## DIRECTIONS
Output all entries verbatim.

----

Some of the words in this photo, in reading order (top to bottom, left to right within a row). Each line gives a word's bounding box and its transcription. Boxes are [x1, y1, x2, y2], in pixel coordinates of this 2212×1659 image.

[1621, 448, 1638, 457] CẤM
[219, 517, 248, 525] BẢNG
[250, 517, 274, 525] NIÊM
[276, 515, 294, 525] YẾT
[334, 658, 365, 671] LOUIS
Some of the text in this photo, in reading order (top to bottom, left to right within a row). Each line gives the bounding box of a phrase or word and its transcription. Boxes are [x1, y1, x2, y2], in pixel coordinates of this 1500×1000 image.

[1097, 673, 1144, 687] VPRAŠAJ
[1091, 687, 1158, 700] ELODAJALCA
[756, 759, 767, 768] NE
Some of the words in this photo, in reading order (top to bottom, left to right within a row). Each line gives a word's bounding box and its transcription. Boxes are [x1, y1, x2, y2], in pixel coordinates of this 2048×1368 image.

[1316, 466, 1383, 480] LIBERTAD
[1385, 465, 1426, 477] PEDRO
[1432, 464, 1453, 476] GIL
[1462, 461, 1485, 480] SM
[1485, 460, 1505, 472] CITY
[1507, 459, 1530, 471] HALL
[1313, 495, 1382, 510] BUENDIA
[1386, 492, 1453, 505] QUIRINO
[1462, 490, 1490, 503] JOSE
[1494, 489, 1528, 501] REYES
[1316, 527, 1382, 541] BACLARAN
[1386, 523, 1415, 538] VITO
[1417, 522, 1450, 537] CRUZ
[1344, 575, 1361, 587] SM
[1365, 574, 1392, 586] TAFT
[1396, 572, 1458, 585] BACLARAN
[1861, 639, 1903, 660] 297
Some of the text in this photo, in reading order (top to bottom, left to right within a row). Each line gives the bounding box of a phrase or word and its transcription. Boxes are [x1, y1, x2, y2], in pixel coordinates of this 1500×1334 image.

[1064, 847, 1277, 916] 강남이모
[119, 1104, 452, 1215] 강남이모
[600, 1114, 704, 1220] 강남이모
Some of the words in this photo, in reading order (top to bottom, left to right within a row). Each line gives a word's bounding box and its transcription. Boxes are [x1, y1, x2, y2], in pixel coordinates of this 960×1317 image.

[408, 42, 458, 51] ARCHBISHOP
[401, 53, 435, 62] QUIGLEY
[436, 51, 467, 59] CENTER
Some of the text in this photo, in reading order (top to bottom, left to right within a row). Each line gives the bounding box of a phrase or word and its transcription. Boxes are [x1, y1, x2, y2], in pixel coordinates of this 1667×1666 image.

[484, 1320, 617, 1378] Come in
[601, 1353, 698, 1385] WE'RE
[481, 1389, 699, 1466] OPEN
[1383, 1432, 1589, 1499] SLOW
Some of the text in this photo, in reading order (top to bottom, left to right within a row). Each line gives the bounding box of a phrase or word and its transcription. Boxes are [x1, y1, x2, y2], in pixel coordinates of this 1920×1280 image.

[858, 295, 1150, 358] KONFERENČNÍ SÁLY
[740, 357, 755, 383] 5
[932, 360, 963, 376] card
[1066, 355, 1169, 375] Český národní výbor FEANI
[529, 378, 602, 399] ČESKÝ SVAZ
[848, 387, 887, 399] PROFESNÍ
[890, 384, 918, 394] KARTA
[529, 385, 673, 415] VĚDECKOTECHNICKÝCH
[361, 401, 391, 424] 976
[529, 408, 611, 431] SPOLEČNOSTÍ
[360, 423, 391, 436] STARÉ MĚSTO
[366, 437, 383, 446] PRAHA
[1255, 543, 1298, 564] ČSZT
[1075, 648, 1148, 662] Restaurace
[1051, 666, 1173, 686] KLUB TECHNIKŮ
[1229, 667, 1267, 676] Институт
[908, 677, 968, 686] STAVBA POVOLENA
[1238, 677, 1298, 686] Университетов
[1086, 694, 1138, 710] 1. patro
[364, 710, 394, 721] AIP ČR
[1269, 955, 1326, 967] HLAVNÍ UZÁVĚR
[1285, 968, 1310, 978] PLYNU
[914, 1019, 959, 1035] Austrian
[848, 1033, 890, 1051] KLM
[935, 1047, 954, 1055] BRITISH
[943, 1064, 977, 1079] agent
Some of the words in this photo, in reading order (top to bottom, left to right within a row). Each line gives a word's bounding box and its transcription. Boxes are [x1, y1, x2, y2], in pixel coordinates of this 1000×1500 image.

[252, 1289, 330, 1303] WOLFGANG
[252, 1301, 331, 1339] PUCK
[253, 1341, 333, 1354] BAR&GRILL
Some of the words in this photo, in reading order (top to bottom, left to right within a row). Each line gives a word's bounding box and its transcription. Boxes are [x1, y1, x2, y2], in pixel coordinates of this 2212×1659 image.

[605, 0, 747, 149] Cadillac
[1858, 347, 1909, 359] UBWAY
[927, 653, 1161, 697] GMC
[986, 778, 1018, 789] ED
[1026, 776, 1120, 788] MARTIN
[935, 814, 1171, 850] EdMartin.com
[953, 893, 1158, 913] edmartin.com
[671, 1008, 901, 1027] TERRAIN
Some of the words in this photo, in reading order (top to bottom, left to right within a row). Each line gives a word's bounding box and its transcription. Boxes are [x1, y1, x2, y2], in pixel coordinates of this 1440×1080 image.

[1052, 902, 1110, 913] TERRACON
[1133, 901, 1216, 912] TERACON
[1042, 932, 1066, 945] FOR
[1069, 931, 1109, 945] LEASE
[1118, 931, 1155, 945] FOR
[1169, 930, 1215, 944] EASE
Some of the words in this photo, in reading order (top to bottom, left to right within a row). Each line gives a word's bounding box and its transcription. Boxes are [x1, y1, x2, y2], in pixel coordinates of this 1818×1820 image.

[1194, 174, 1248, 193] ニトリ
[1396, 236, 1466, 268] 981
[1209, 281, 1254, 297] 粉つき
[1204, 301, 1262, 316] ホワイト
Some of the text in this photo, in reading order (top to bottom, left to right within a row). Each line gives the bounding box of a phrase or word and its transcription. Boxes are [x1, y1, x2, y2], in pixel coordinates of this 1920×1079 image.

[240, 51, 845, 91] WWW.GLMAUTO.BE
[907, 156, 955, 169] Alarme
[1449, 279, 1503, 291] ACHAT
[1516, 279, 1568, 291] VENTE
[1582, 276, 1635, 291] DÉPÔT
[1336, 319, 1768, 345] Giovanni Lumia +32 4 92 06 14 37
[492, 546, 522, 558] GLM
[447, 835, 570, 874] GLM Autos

----

## REPLY
Some of the words in this photo, in reading order (top to bottom, left to right within a row). Each line gives a word's bounding box and its transcription. Boxes are [x1, y1, x2, y2], in pixel coordinates of this 2212×1659 image.

[1621, 448, 1638, 457] CẤM
[219, 517, 248, 525] BẢNG
[250, 517, 274, 525] NIÊM
[276, 515, 294, 525] YẾT
[334, 658, 365, 671] LOUIS
Some of the text in this photo, in reading order (top to bottom, left to right within a row). Each line gives the bounding box of a phrase or word and its transcription. Boxes are [x1, y1, x2, y2], in pixel coordinates of this 1500×1000 image.

[1097, 673, 1144, 687] VPRAŠAJ
[1091, 687, 1158, 700] ELODAJALCA
[756, 759, 767, 768] NE
Some of the words in this photo, in reading order (top to bottom, left to right within a row). Each line gives a word's bounding box and its transcription. Boxes are [x1, y1, x2, y2], in pixel coordinates of this 2048×1368 image.

[1316, 466, 1383, 480] LIBERTAD
[1385, 465, 1426, 477] PEDRO
[1432, 464, 1453, 476] GIL
[1462, 461, 1485, 480] SM
[1485, 460, 1505, 472] CITY
[1507, 459, 1530, 471] HALL
[1313, 495, 1382, 510] BUENDIA
[1386, 492, 1453, 505] QUIRINO
[1462, 490, 1490, 503] JOSE
[1494, 489, 1528, 501] REYES
[1316, 527, 1382, 541] BACLARAN
[1386, 523, 1415, 538] VITO
[1417, 522, 1450, 537] CRUZ
[1344, 575, 1361, 587] SM
[1365, 574, 1392, 586] TAFT
[1396, 572, 1458, 585] BACLARAN
[1861, 639, 1903, 660] 297
Some of the text in this photo, in reading order (top to bottom, left to right within a row). Each line gives the bounding box of a phrase or word and its transcription. Boxes are [x1, y1, x2, y2], in pixel coordinates of this 1500×1334 image.

[1064, 847, 1277, 916] 강남이모
[119, 1104, 452, 1215] 강남이모
[600, 1114, 704, 1220] 강남이모
Some of the words in this photo, in reading order (top to bottom, left to right within a row). Each line gives a word's bounding box and its transcription. Boxes are [x1, y1, x2, y2], in pixel coordinates of this 960×1317 image.

[408, 42, 458, 51] ARCHBISHOP
[401, 53, 435, 62] QUIGLEY
[436, 51, 467, 59] CENTER
Some of the text in this photo, in reading order (top to bottom, left to right within a row). Each line gives the bounding box of a phrase or word and its transcription. Boxes are [x1, y1, x2, y2], in pixel coordinates of this 1667×1666 image.

[484, 1320, 617, 1378] Come in
[601, 1353, 698, 1385] WE'RE
[481, 1389, 699, 1466] OPEN
[1383, 1432, 1589, 1499] SLOW
Some of the text in this photo, in reading order (top to bottom, left to right within a row). Each line gives the bounding box of a phrase or word and its transcription. Boxes are [x1, y1, x2, y2], in pixel coordinates of this 1920×1280 image.

[858, 295, 1150, 358] KONFERENČNÍ SÁLY
[740, 357, 755, 383] 5
[932, 360, 963, 376] card
[1066, 355, 1169, 375] Český národní výbor FEANI
[529, 378, 602, 399] ČESKÝ SVAZ
[848, 387, 887, 399] PROFESNÍ
[890, 384, 918, 394] KARTA
[529, 385, 673, 415] VĚDECKOTECHNICKÝCH
[361, 401, 391, 424] 976
[529, 408, 611, 431] SPOLEČNOSTÍ
[360, 423, 391, 436] STARÉ MĚSTO
[366, 437, 383, 446] PRAHA
[1255, 543, 1298, 564] ČSZT
[1075, 648, 1148, 662] Restaurace
[1051, 666, 1173, 686] KLUB TECHNIKŮ
[1229, 667, 1267, 676] Институт
[908, 677, 968, 686] STAVBA POVOLENA
[1238, 677, 1298, 686] Университетов
[1086, 694, 1138, 710] 1. patro
[364, 710, 394, 721] AIP ČR
[1269, 955, 1326, 967] HLAVNÍ UZÁVĚR
[1285, 968, 1310, 978] PLYNU
[914, 1019, 959, 1035] Austrian
[848, 1033, 890, 1051] KLM
[935, 1047, 954, 1055] BRITISH
[943, 1064, 977, 1079] agent
Some of the words in this photo, in reading order (top to bottom, left to right within a row). Each line gives a word's bounding box and its transcription. Boxes are [x1, y1, x2, y2], in pixel coordinates of this 1000×1500 image.

[252, 1289, 330, 1303] WOLFGANG
[252, 1301, 331, 1339] PUCK
[253, 1341, 333, 1354] BAR&GRILL
Some of the words in this photo, in reading order (top to bottom, left to right within a row). Each line gives a word's bounding box and its transcription. Boxes are [x1, y1, x2, y2], in pixel coordinates of this 2212×1659 image.

[605, 0, 747, 149] Cadillac
[1858, 347, 1909, 359] UBWAY
[927, 653, 1161, 697] GMC
[986, 778, 1018, 789] ED
[1026, 776, 1120, 788] MARTIN
[935, 814, 1171, 850] EdMartin.com
[953, 893, 1158, 913] edmartin.com
[671, 1008, 901, 1027] TERRAIN
Some of the words in this photo, in reading order (top to bottom, left to right within a row). Each line gives a word's bounding box and its transcription. Boxes are [x1, y1, x2, y2], in pixel coordinates of this 1440×1080 image.

[1052, 902, 1110, 913] TERRACON
[1133, 901, 1216, 912] TERACON
[1042, 932, 1066, 945] FOR
[1069, 931, 1109, 945] LEASE
[1118, 931, 1155, 945] FOR
[1169, 930, 1215, 944] EASE
Some of the words in this photo, in reading order (top to bottom, left to right within a row). Each line gives a word's bounding box and its transcription. Boxes are [x1, y1, x2, y2], in pixel coordinates of this 1818×1820 image.

[1194, 174, 1248, 193] ニトリ
[1396, 236, 1466, 268] 981
[1209, 281, 1254, 297] 粉つき
[1204, 301, 1262, 316] ホワイト
Some of the text in this photo, in reading order (top to bottom, left to right within a row). Each line gives the bounding box of a phrase or word and its transcription. Boxes are [x1, y1, x2, y2], in pixel coordinates of this 1920×1079 image.

[240, 51, 845, 91] WWW.GLMAUTO.BE
[907, 156, 955, 169] Alarme
[1449, 279, 1503, 291] ACHAT
[1516, 279, 1568, 291] VENTE
[1582, 276, 1635, 291] DÉPÔT
[1336, 319, 1768, 345] Giovanni Lumia +32 4 92 06 14 37
[492, 546, 522, 558] GLM
[447, 835, 570, 874] GLM Autos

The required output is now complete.